A couple weeks ago we decided to switch gears, and use a very new framework (Windows UI 2.4) to build Goldenseal Pro for Windows, rather than a very old one (MFC).
When learning a new system, it always helps to start with sample apps. In fact, the ideal way to create a new app is to start with something that already works, and then add to it one step at a time.
So we downloaded a few samples and tried to build them. They needed other Microsoft libraries to run, so we downloaded and installed those. Then they needed even more libraries, using something called NuGet. Running it just gave mystery error messages: probably because it couldn’t find the necessary files on Microsoft’s servers. We searched the web for answers, tried a half dozen suggestions, and got nowhere. Dead in the water.
It’s a really bad sign when you spend 10 or 20 hours on something and can’t even get started.
These days, neither Microsoft nor Apple do a very good job with their programming tools. Fortunately, most frameworks have an ecosystem of books, websites, videos and Stack Overflow answers to assist us developers.

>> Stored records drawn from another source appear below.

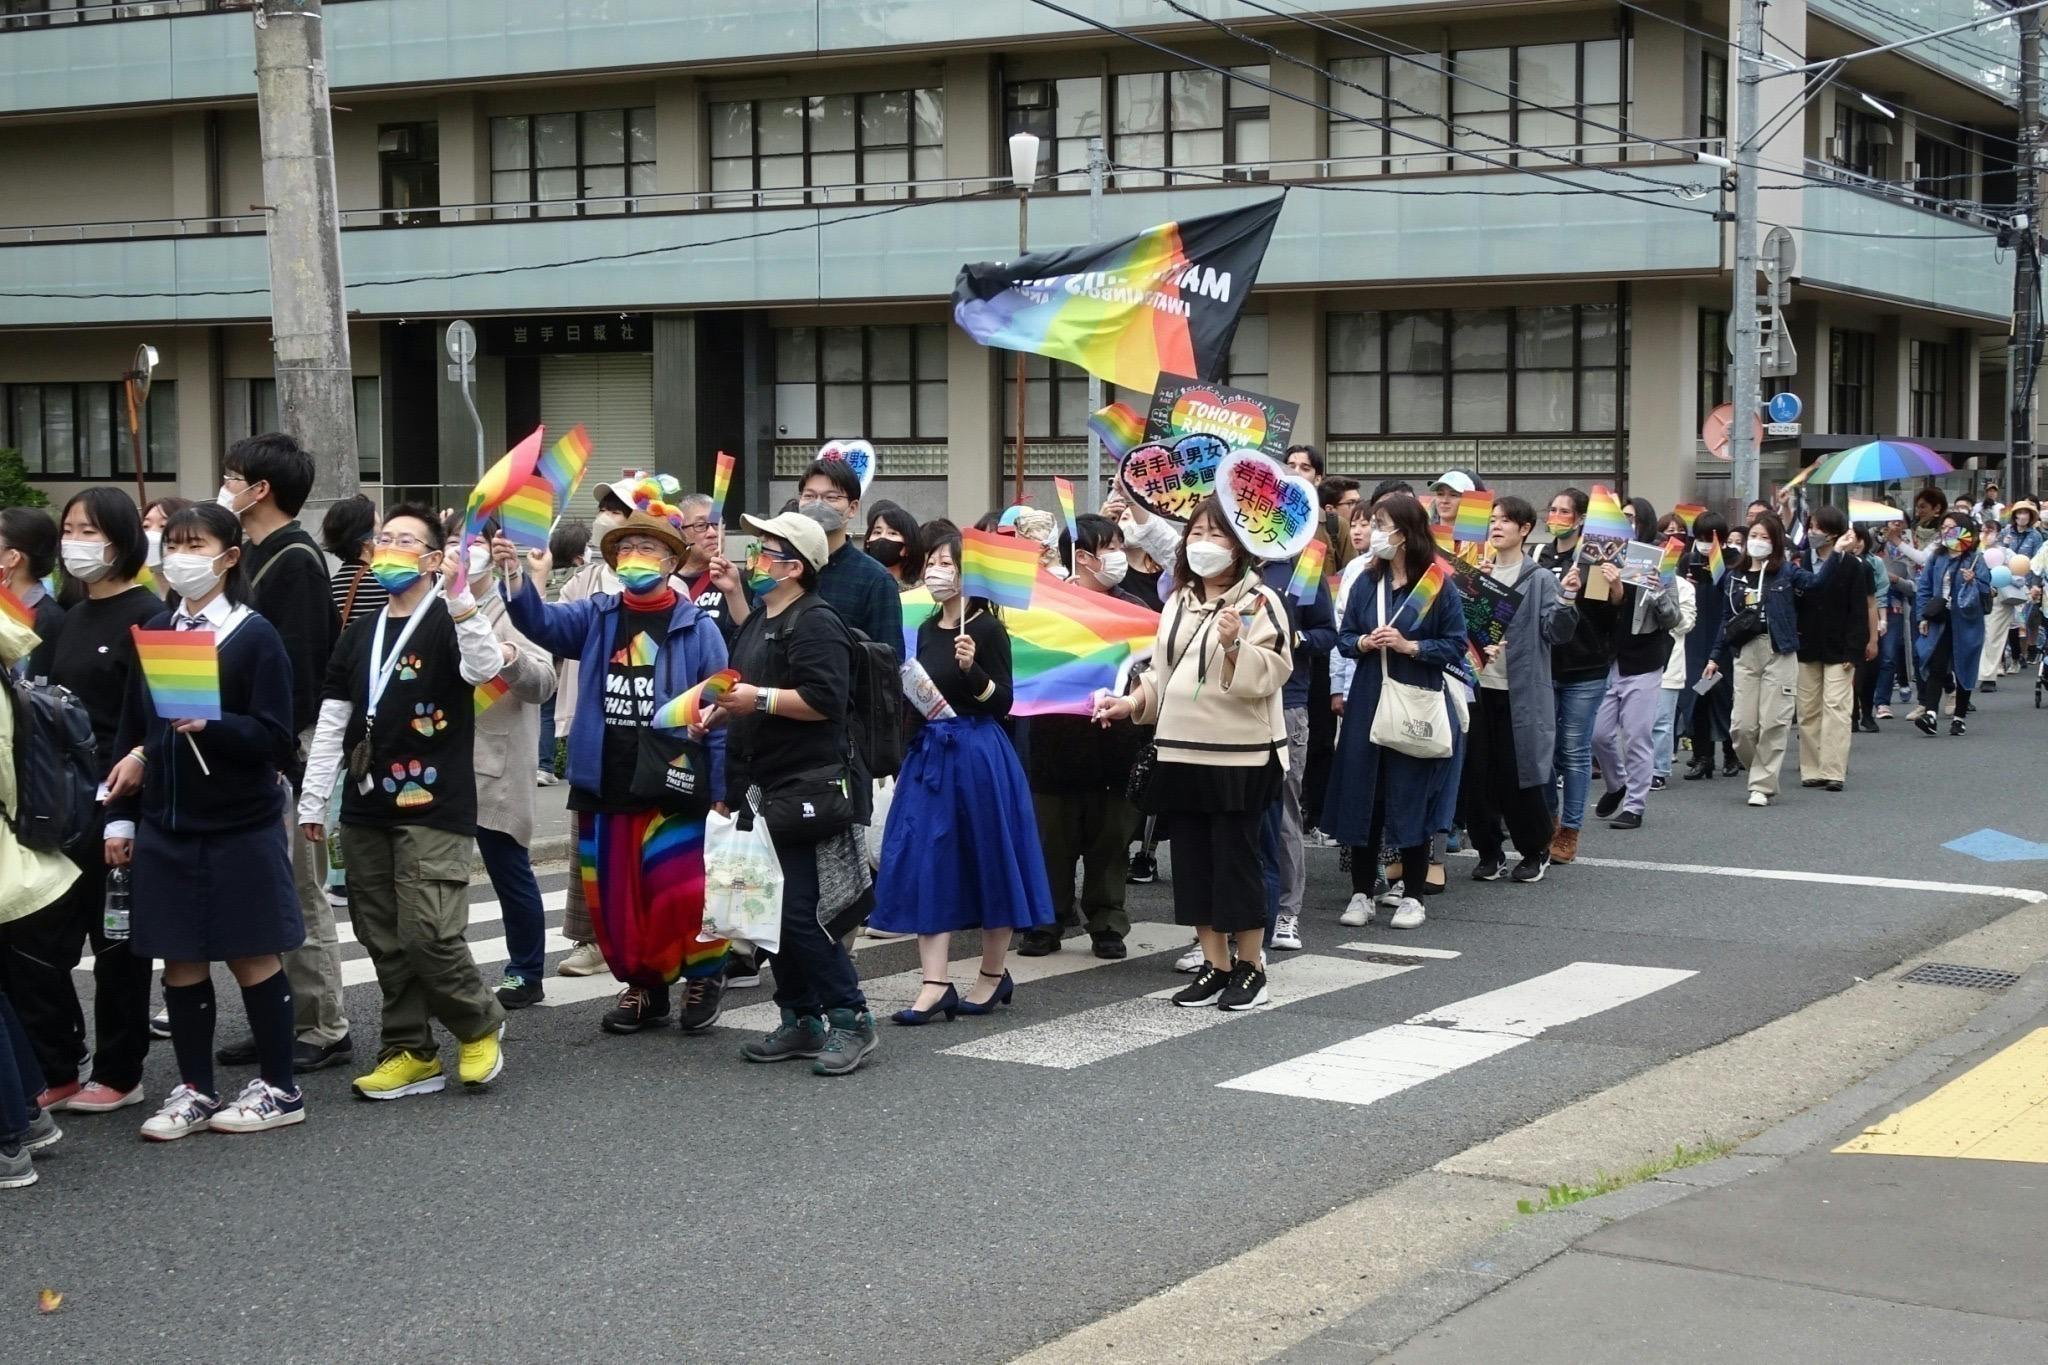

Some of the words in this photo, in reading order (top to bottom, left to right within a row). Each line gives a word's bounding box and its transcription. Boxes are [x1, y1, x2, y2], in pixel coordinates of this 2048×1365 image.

[513, 323, 634, 342] 岩手日報社
[1188, 400, 1253, 429] TOHOKU
[1181, 417, 1251, 446] RAINBOW
[1130, 442, 1223, 479] 岩手県男女
[1145, 464, 1216, 497] 共同参画
[1234, 459, 1312, 522] 岩手県男女
[1237, 485, 1300, 539] 共同参画
[1233, 508, 1287, 551] センター
[1445, 662, 1465, 677] LUSH
[1412, 718, 1425, 727] THE
[667, 768, 695, 783] MARCH
[667, 776, 681, 787] THIS
[681, 781, 695, 790] WAY
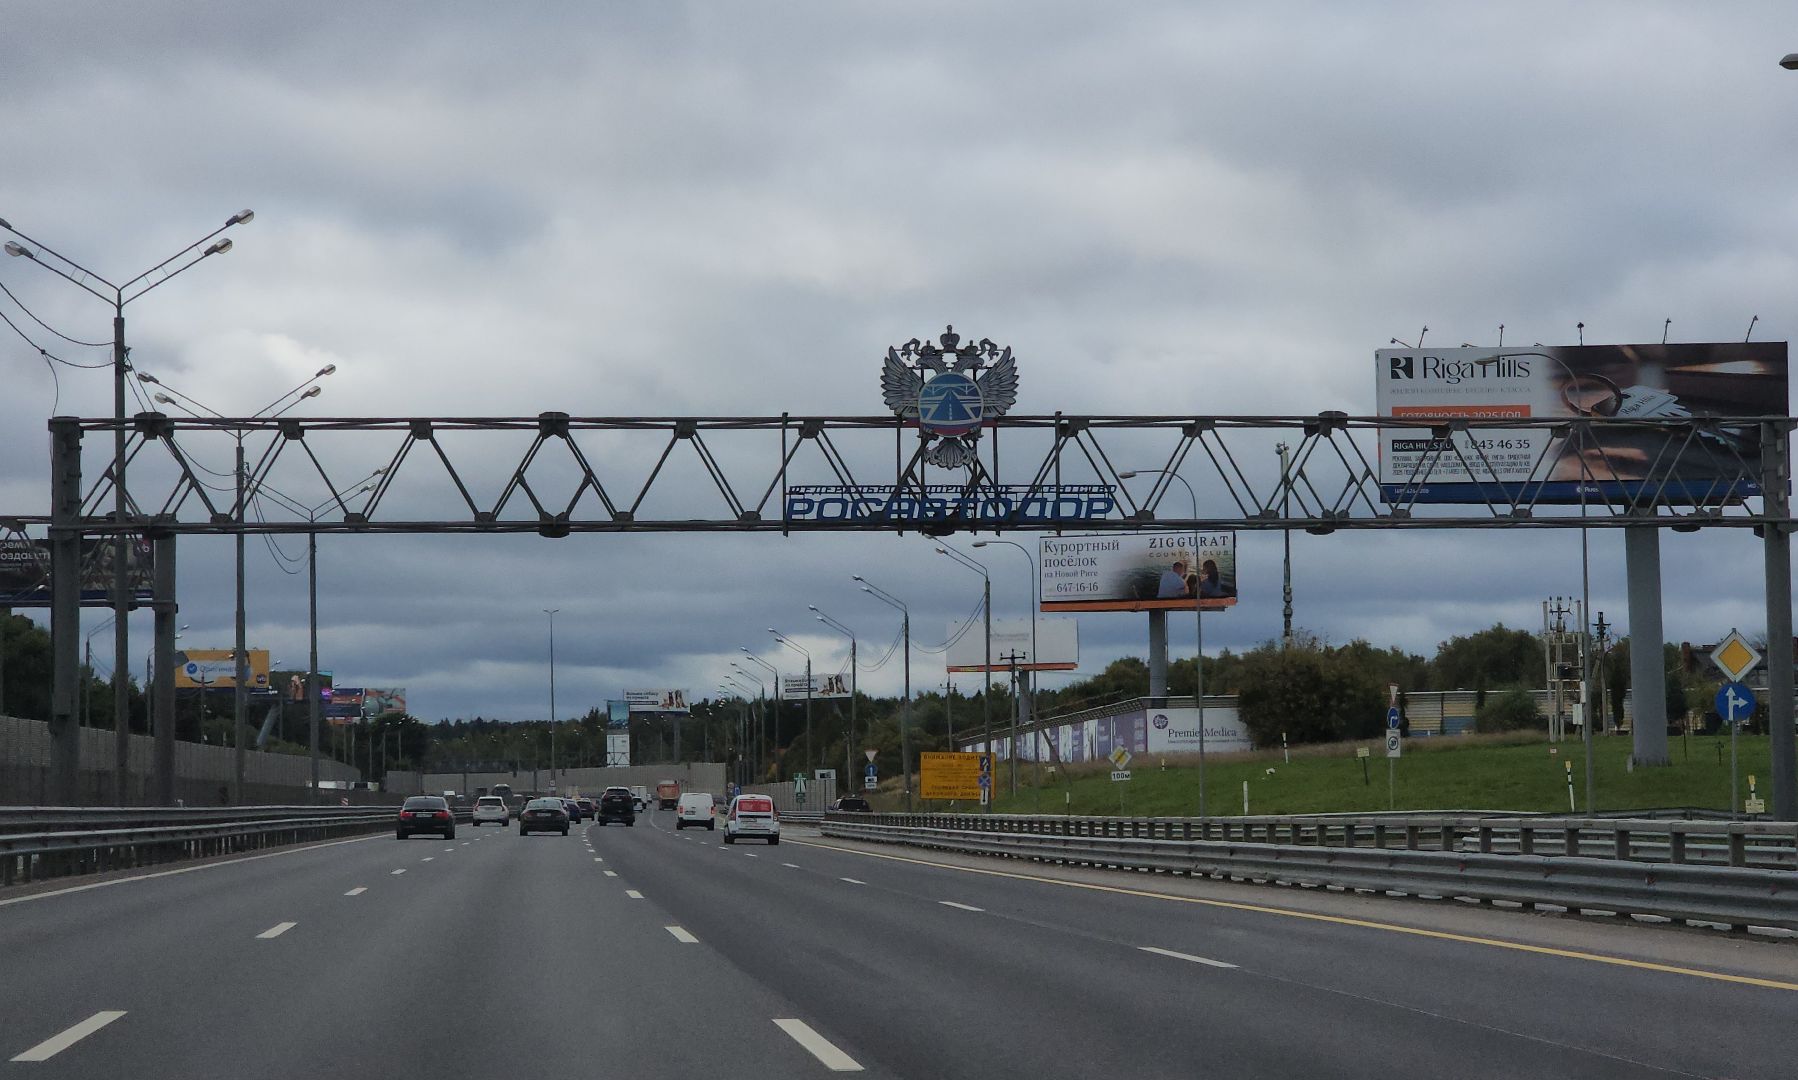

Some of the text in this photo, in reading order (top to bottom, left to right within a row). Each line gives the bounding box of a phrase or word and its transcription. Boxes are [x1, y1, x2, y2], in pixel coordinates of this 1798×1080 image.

Very few of those exist for Win UI 2.4. It is just not ready for prime time. Since it’s sort of a temporary filler, it probably never will be ready. My first impression was that it seemed half-baked, and now that suspicion is confirmed.
I think we will be better off waiting for Win UI 3.0. It is a bigger update and hopefully will have better support.
Win UI 3.0 is promised for some time later in 2020, which probably means 2021. It may not be fully usable until 2022. That’s still quicker than we probably can manage using MFC, so the most logical course is to just wait it out. There really isn’t anything we can do right now to make Goldenseal Pro happen for Windows, at least not by using Microsoft frameworks.
Fortunately, there is another alternative: QT. Way back in 2015 we hired a subcontractor who specialized in QT, to build Goldenseal Pro for both Mac and Windows. He finished enough to receive one draw payment, then stalled out. But, maybe we can figure out how to make it work. Worst case, our staff gives up in disgust and we still wait for Win UI 3.0.
In theory, QT lets us write one batch of code that runs on Macintosh, Windows, and even Linux. QT is open source, and its volunteer programmers did the heavy lifting to convert from 32-bit to 64-bit on the Mac. Odds are good they’ll also make it run on the upcoming ARM chips. So QT is worth the try.
As with our original plan, it probably will take most of the summer to get the gears fully shifted. Run some samples, read some books, work through the tutorials.
Based on a quick look, QT seems like it’s a complex, confusing mess. Unfortunately, that is the state of all the other options, too. These days, all programming requires layers upon layers of other people’s code. It tends to be fragile, poorly maintained, and poorly documented. But having a support ecosystem helps a lot, and it does already exist for QT. Whether that is enough to make it usable, we will soon find out.